- **WHAT THE TASK ASKS**:
Here the job is to transcribe only the lines from the one containing "Some of the text" through the last line below, exactly as written; please leave out pictures.

Text-to-region grounding data
»»

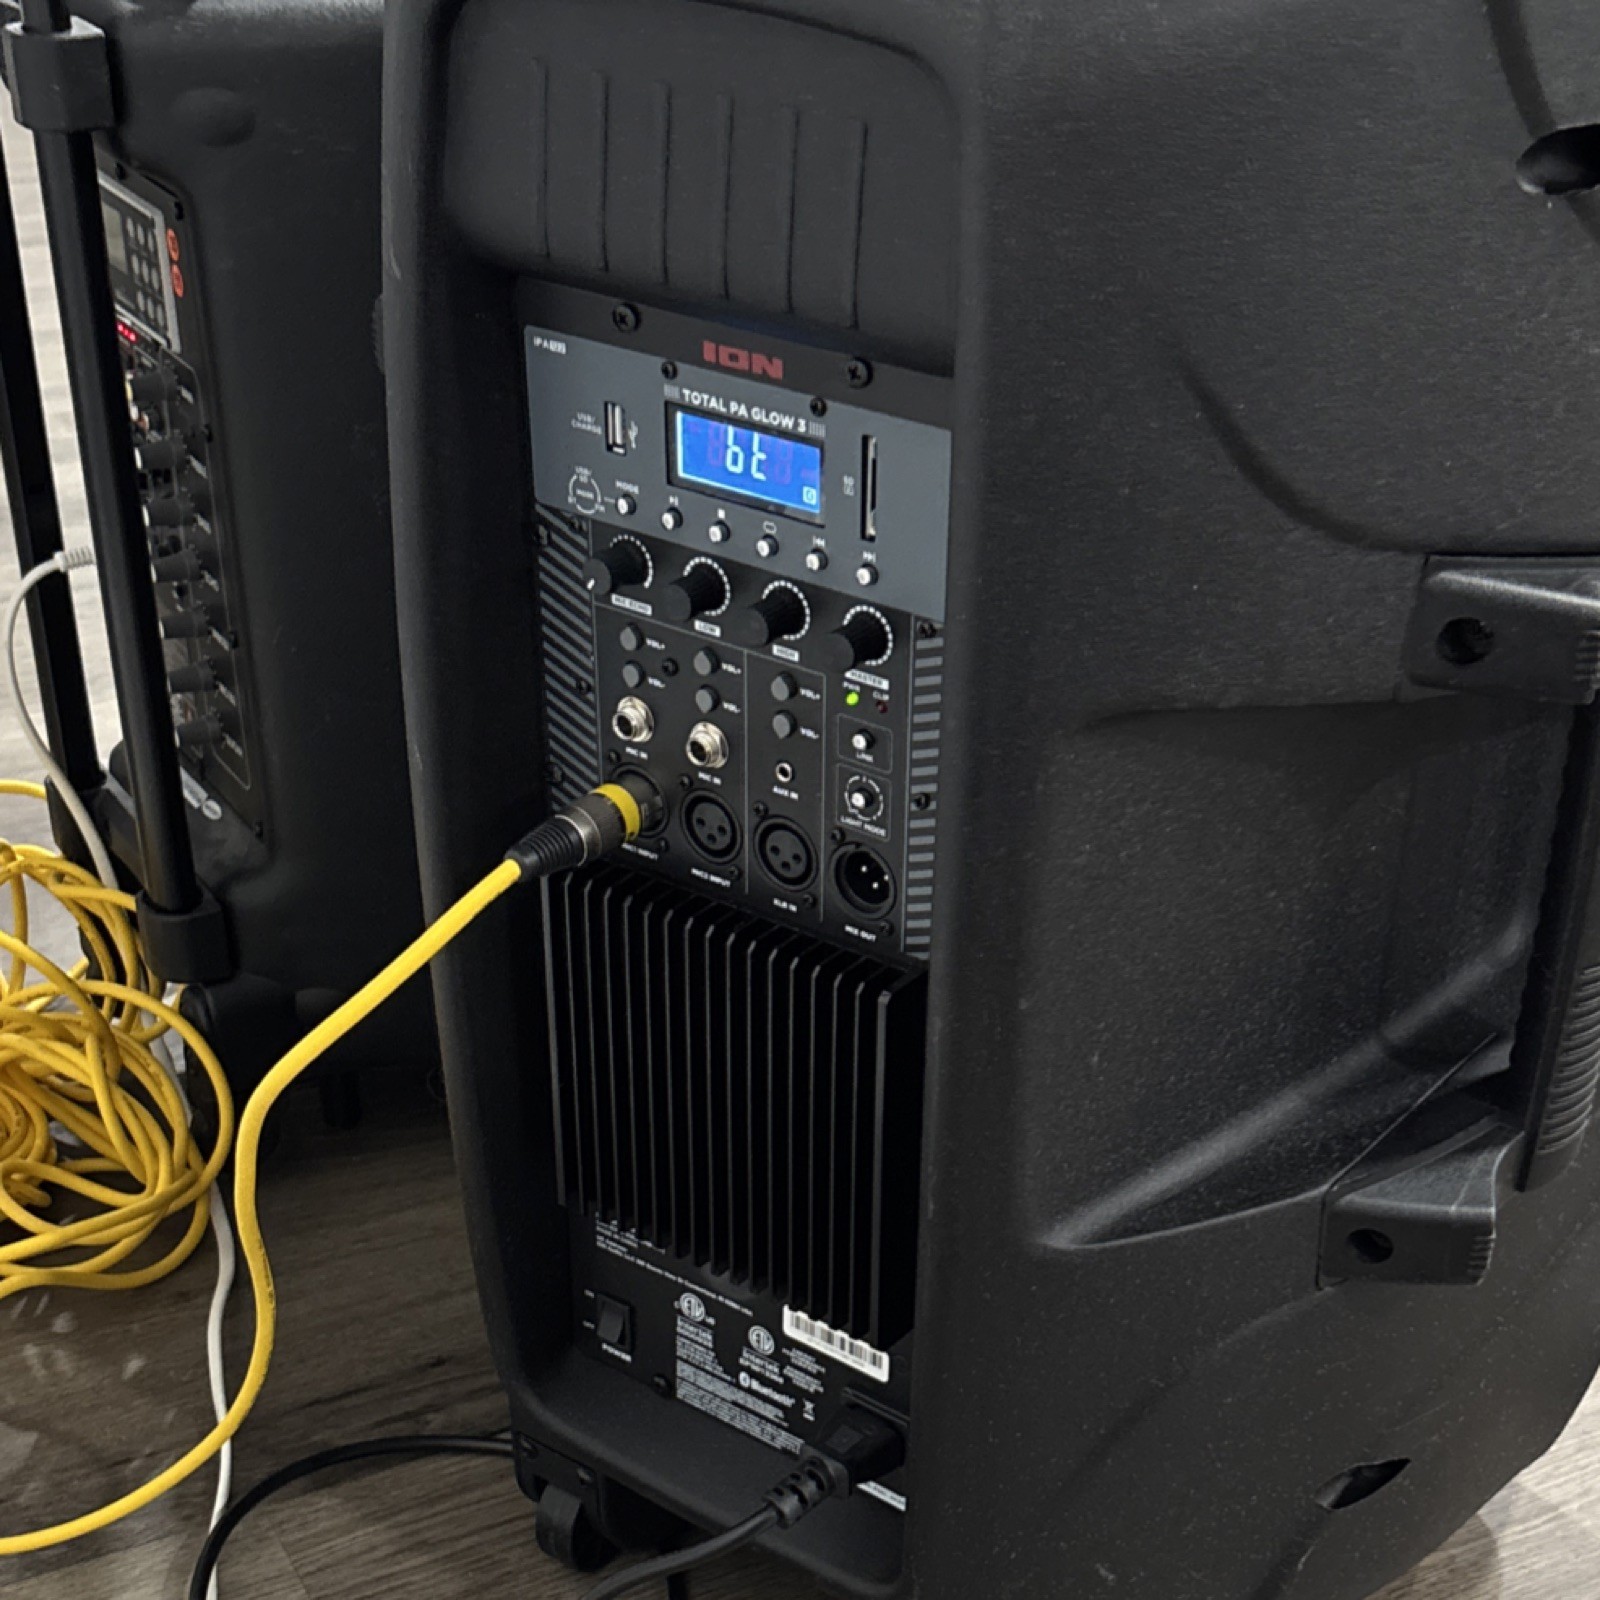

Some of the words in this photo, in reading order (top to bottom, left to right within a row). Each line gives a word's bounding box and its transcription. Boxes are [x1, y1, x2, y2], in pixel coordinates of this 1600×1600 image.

[702, 340, 784, 381] ION
[682, 387, 728, 413] TOTAL
[729, 400, 749, 419] PA
[750, 406, 796, 430] GLOW
[797, 418, 807, 433] 3
[849, 670, 885, 687] MASTER
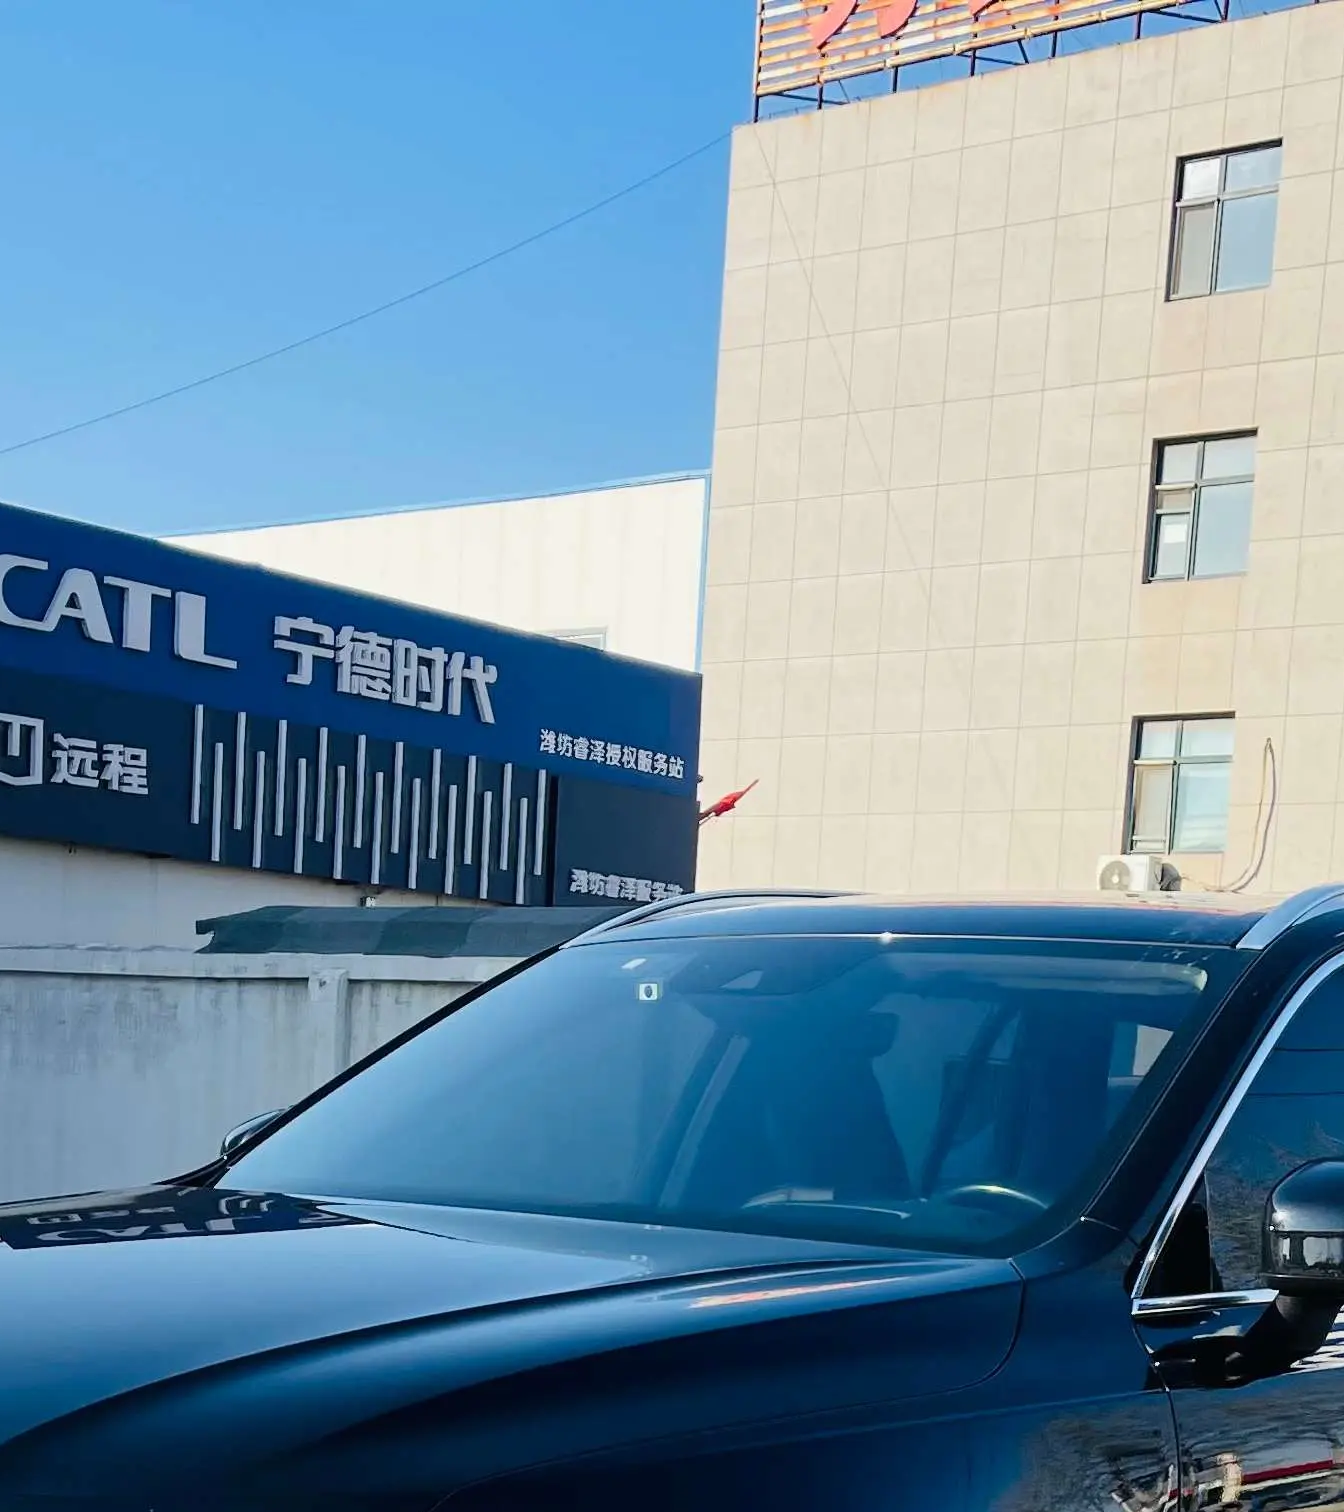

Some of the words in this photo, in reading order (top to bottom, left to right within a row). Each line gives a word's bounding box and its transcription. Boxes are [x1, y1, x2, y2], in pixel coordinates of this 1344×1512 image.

[272, 615, 498, 725] 宁德时代
[50, 733, 149, 795] 远程
[539, 728, 685, 779] 潍坊睿泽授权服务站
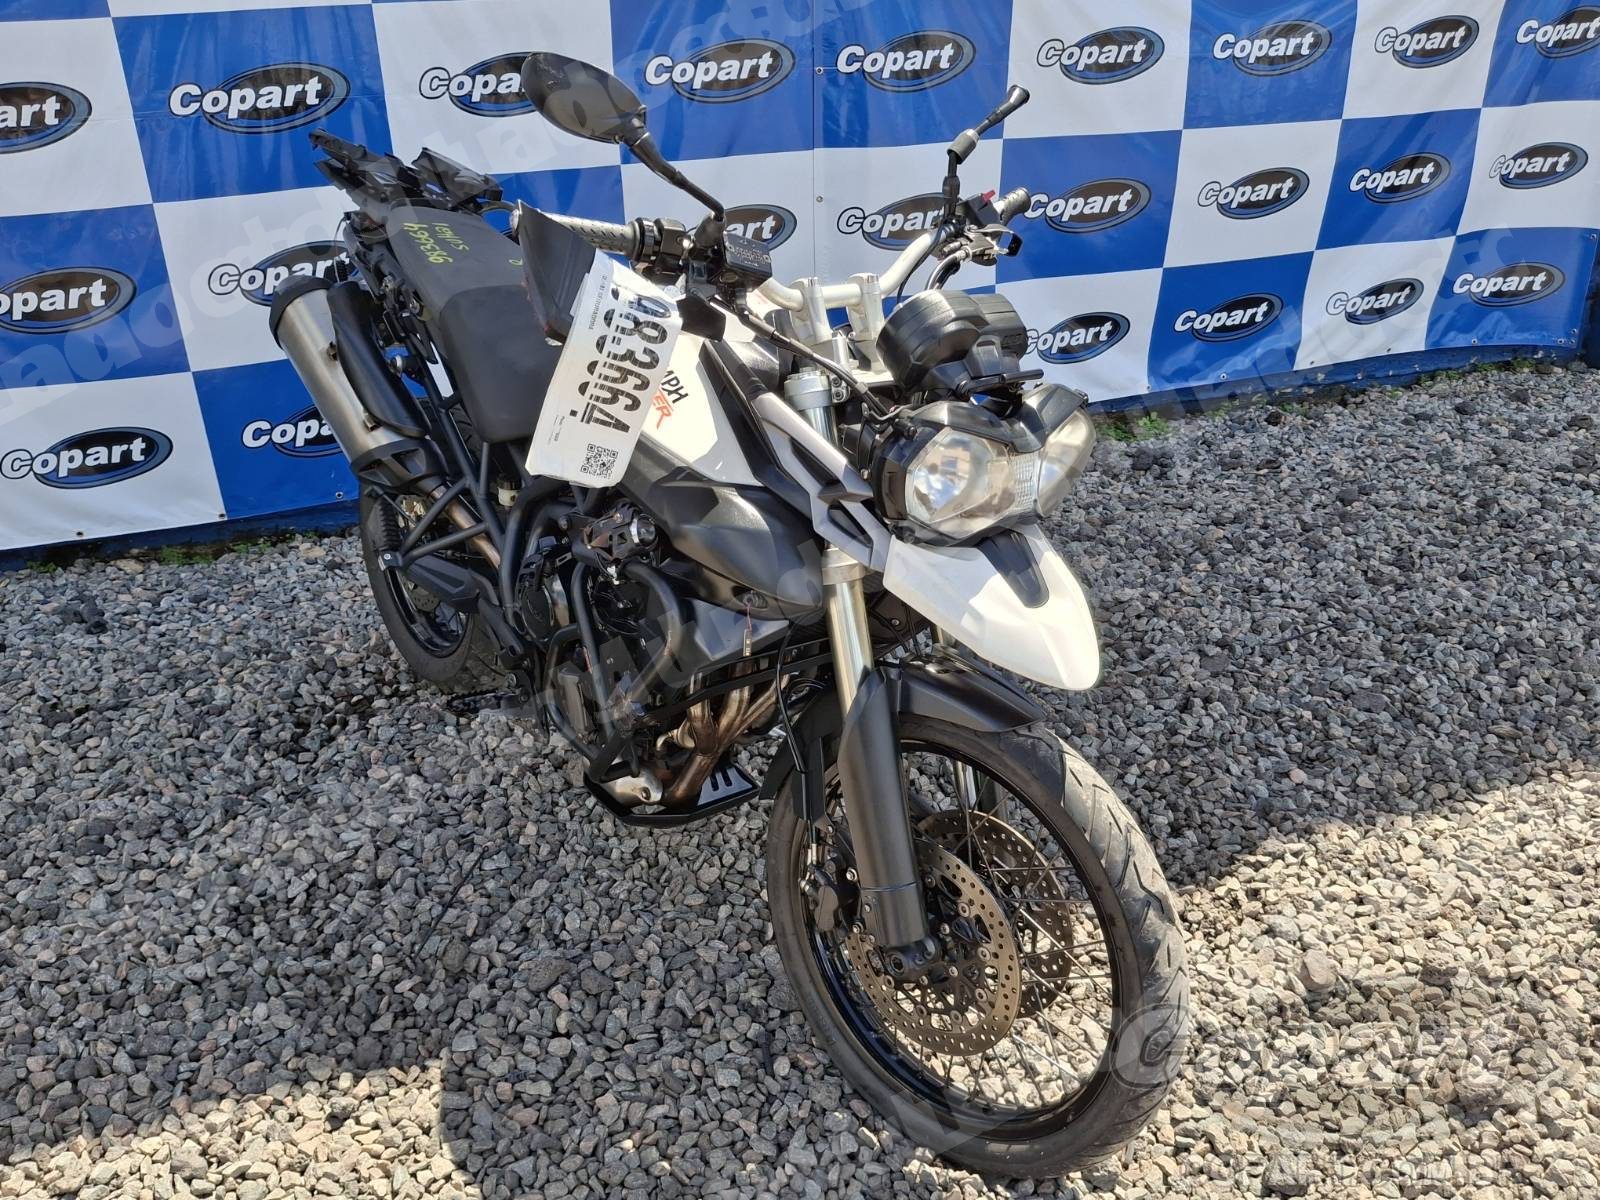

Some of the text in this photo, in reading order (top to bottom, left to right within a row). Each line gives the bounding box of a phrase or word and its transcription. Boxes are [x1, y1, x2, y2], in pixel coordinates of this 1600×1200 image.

[1213, 33, 1314, 64] Copart
[1375, 25, 1466, 56] Copart
[1516, 17, 1600, 48] Copart
[645, 51, 774, 90] Copart
[836, 42, 956, 75] Copart
[1037, 37, 1147, 71] Copart
[169, 76, 322, 119] Copart
[419, 67, 526, 102] Copa
[0, 95, 61, 128] art
[1350, 161, 1435, 194] Copart
[1489, 152, 1570, 178] Copart
[1024, 187, 1132, 222] Copart
[1198, 178, 1294, 209] Copart
[726, 215, 776, 239] art
[837, 206, 945, 239] Copar
[0, 278, 107, 321] part
[1453, 272, 1548, 297] Copart
[1174, 301, 1269, 335] Copart
[1326, 286, 1411, 319] Copart
[1024, 320, 1113, 355] Copart
[242, 418, 334, 449] Cop
[0, 437, 146, 480] Copart
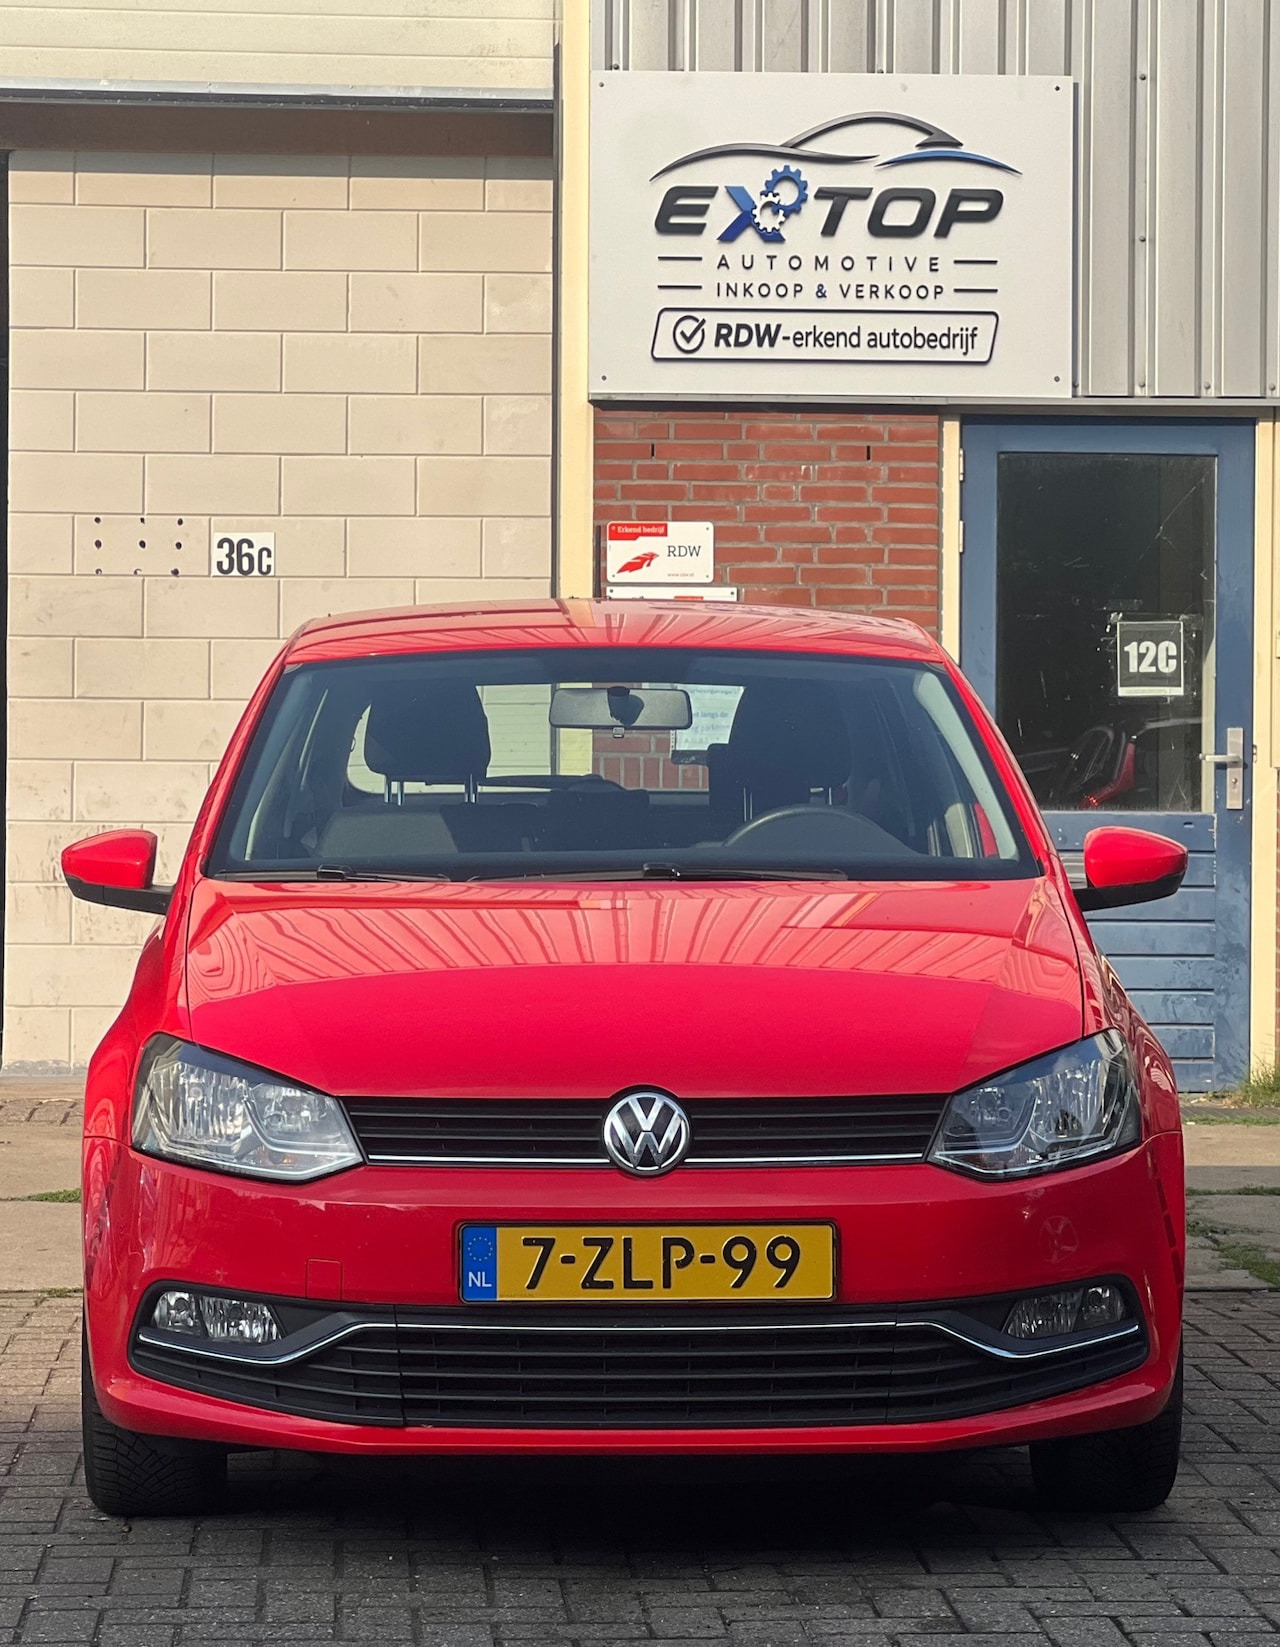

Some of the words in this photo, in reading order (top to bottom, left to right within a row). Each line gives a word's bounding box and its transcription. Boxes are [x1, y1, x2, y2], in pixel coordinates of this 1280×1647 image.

««

- **WRITTEN SOLUTION**:
Some of the text in this photo, in reading order (top to bottom, left to right within a row). Each line gives the bounding box of a phrase or word and its transcription. Boxes are [x1, y1, x2, y2], in pixel coordinates of this 1600×1200 image.

[1213, 33, 1314, 64] Copart
[1375, 25, 1466, 56] Copart
[1516, 17, 1600, 48] Copart
[645, 51, 774, 90] Copart
[836, 42, 956, 75] Copart
[1037, 37, 1147, 71] Copart
[169, 76, 322, 119] Copart
[419, 67, 526, 102] Copa
[0, 95, 61, 128] art
[1350, 161, 1435, 194] Copart
[1489, 152, 1570, 178] Copart
[1024, 187, 1132, 222] Copart
[1198, 178, 1294, 209] Copart
[726, 215, 776, 239] art
[837, 206, 945, 239] Copar
[0, 278, 107, 321] part
[1453, 272, 1548, 297] Copart
[1174, 301, 1269, 335] Copart
[1326, 286, 1411, 319] Copart
[1024, 320, 1113, 355] Copart
[242, 418, 334, 449] Cop
[0, 437, 146, 480] Copart

Some of the words in this photo, in reading order (top to bottom, left to right within a row). Each line gives a word's bounding box and its transcription. Boxes are [x1, y1, x2, y2], in pixel coordinates of this 1280×1647 image.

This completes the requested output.